### [WHAT IS BEING ASKED]
The response should contain all of the records, copied exactly, and none of the images.

### [DATA PROVIDED]
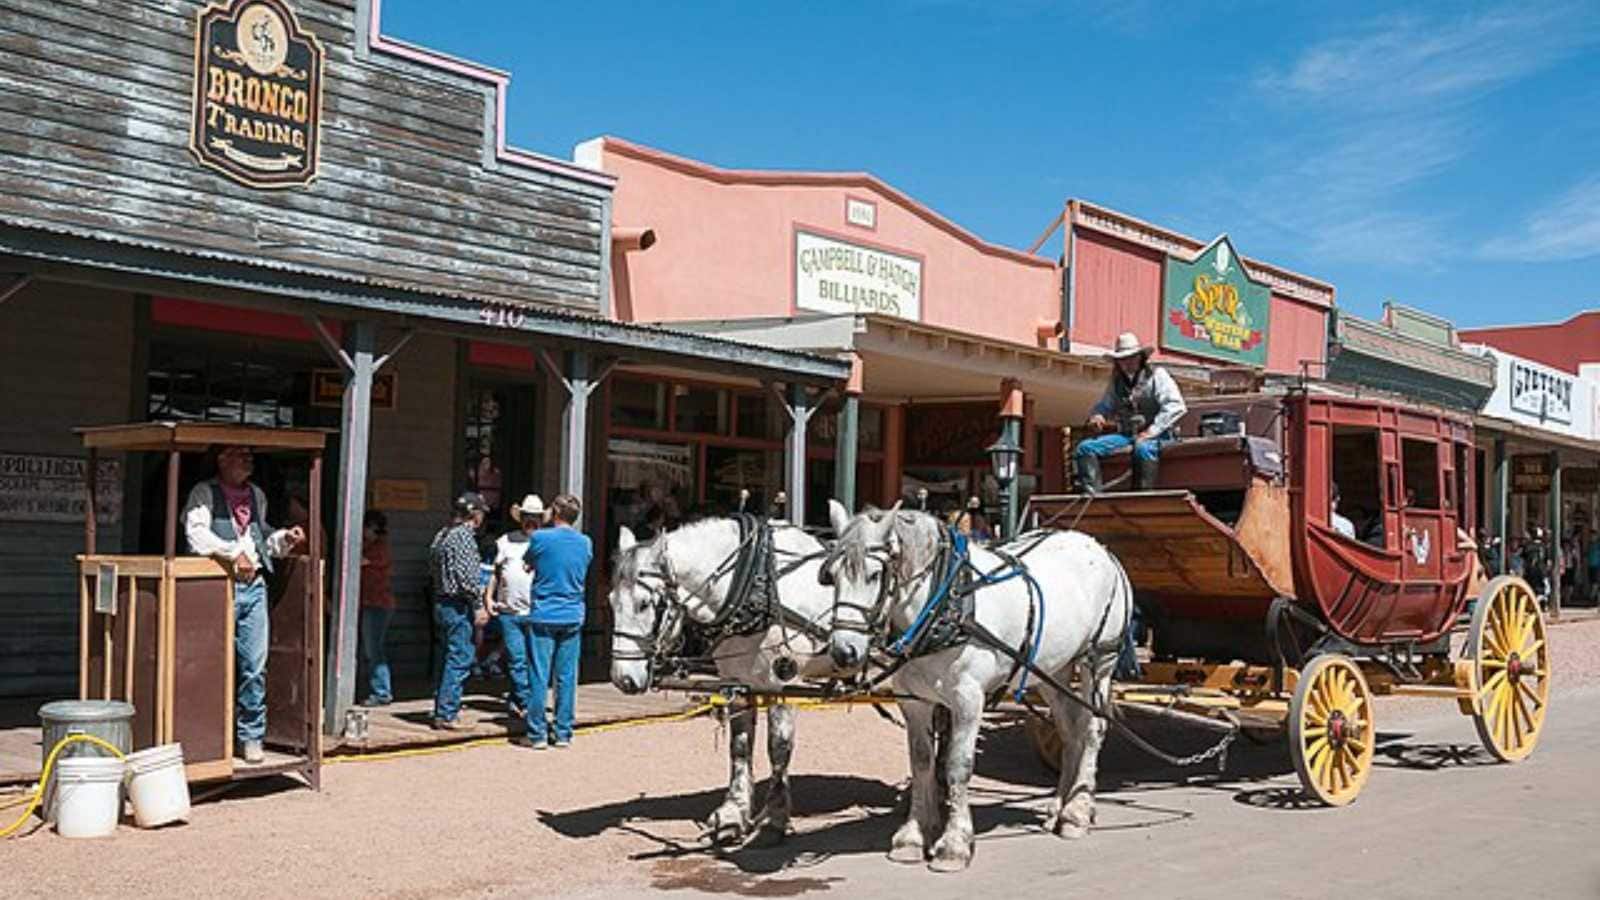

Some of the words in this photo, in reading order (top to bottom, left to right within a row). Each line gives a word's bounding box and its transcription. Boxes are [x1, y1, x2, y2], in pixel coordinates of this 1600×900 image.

[207, 66, 308, 123] BRONCO
[207, 102, 306, 150] TRADING
[800, 246, 863, 277] CAMPBELL
[878, 257, 917, 298] HATCH
[818, 279, 901, 315] BILLIARDS
[1514, 364, 1573, 412] STETSON

### [SOLUTION]
Some of the words in this photo, in reading order (top to bottom, left to right within a row). Each line gives a word's bounding box and its transcription. Boxes are [x1, y1, x2, y2], in pixel coordinates of this 1600×900 image.

[207, 66, 308, 123] BRONCO
[207, 102, 306, 150] TRADING
[800, 246, 863, 277] CAMPBELL
[878, 257, 917, 298] HATCH
[818, 279, 901, 315] BILLIARDS
[1514, 364, 1573, 412] STETSON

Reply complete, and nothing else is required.